(INPUT MATERIAL begins)

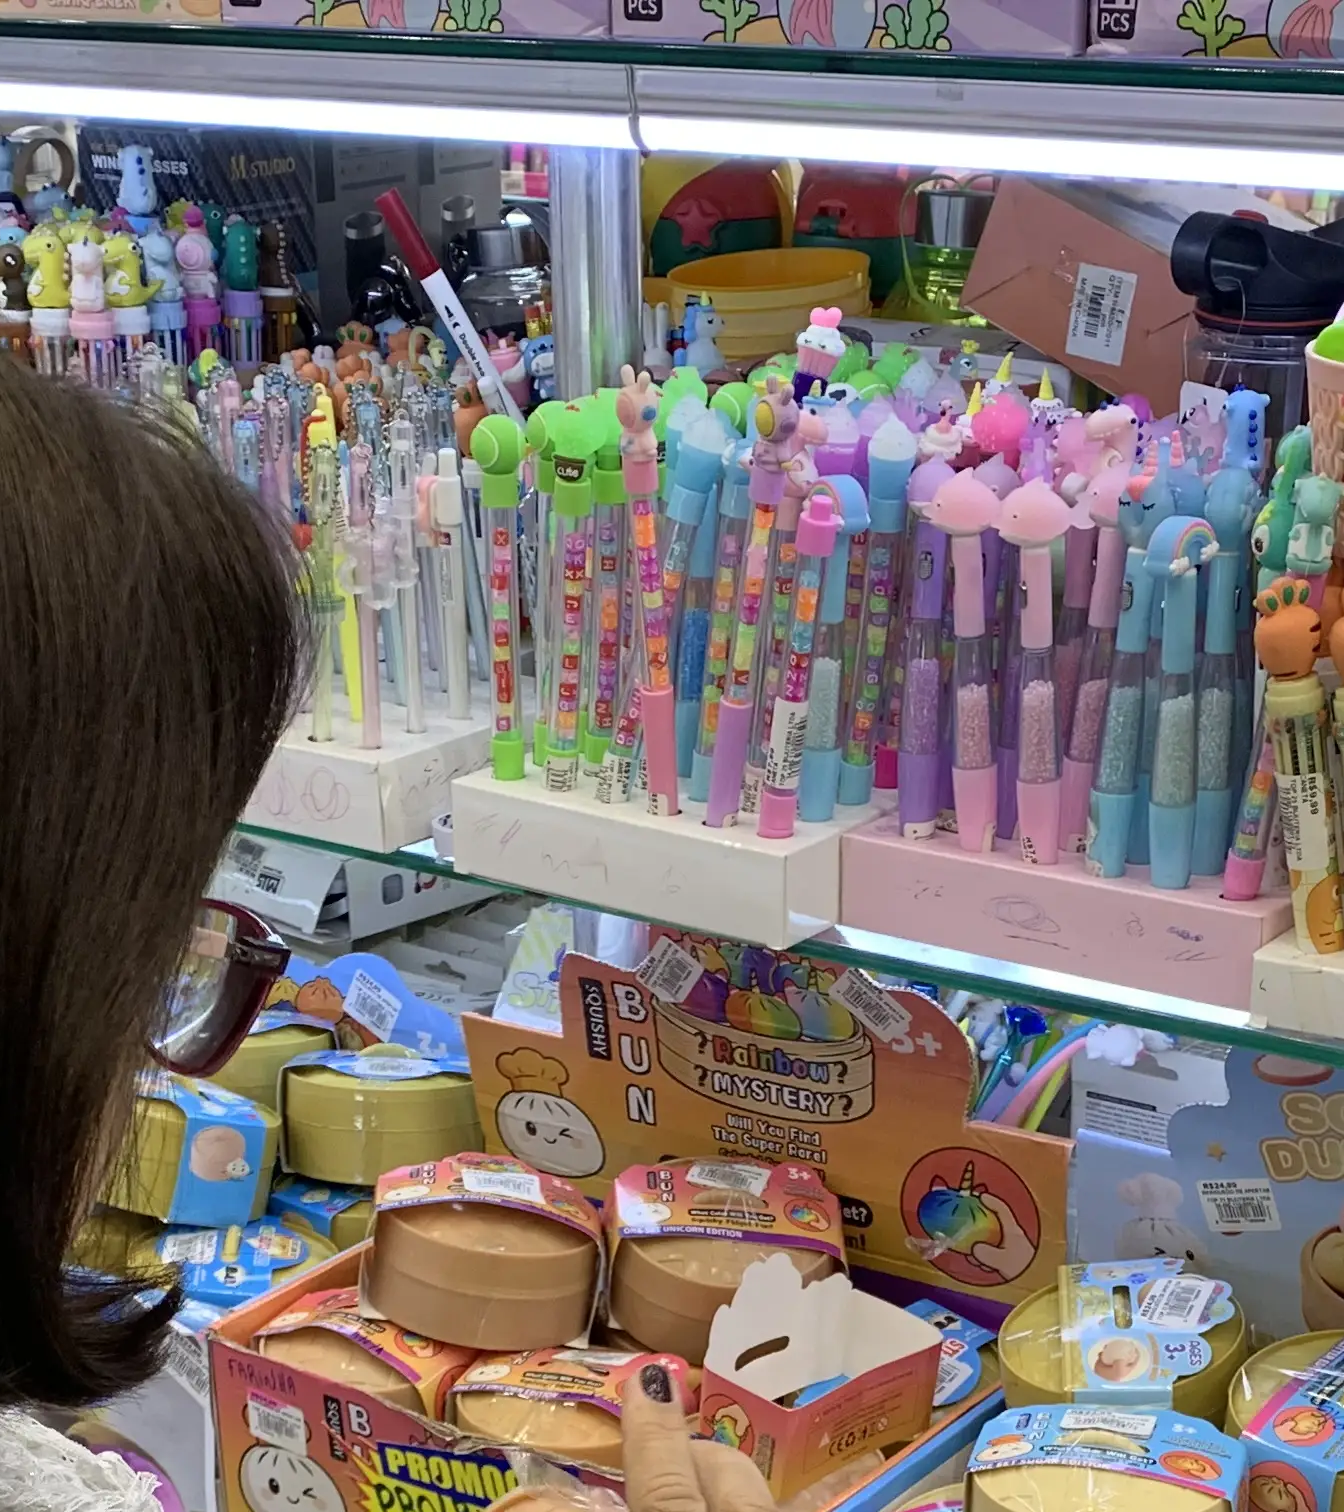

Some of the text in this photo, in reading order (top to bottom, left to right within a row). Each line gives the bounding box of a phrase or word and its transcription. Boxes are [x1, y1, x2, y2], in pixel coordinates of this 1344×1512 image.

[1100, 13, 1132, 33] PCS
[250, 157, 296, 178] STUDIO
[458, 332, 478, 363] Double
[584, 984, 608, 1057] SQUISHY
[611, 981, 657, 1127] BUN
[711, 1034, 830, 1084] Rainbow
[711, 1069, 835, 1117] MYSTERY
[712, 1125, 737, 1144] The
[742, 1131, 784, 1156] Super
[788, 1142, 828, 1164] Rare!
[726, 1113, 821, 1147] Will You Find
[787, 1167, 812, 1181] 3+
[663, 1226, 744, 1239] UNICORN EDITION
[1187, 1340, 1203, 1367] AGES
[384, 1446, 519, 1500] PROMO

(INPUT MATERIAL ends)

ASSIGNED TASK - Retype the listing verbatim, minus every image.

RESULT OF THIS EXERCISE -
Some of the text in this photo, in reading order (top to bottom, left to right within a row). Each line gives the bounding box of a phrase or word and its transcription. Boxes are [x1, y1, x2, y2], in pixel coordinates of this 1344×1512 image.

[1100, 13, 1132, 33] PCS
[250, 157, 296, 178] STUDIO
[458, 332, 478, 363] Double
[584, 984, 608, 1057] SQUISHY
[611, 981, 657, 1127] BUN
[711, 1034, 830, 1084] Rainbow
[711, 1069, 835, 1117] MYSTERY
[712, 1125, 737, 1144] The
[742, 1131, 784, 1156] Super
[788, 1142, 828, 1164] Rare!
[726, 1113, 821, 1147] Will You Find
[787, 1167, 812, 1181] 3+
[663, 1226, 744, 1239] UNICORN EDITION
[1187, 1340, 1203, 1367] AGES
[384, 1446, 519, 1500] PROMO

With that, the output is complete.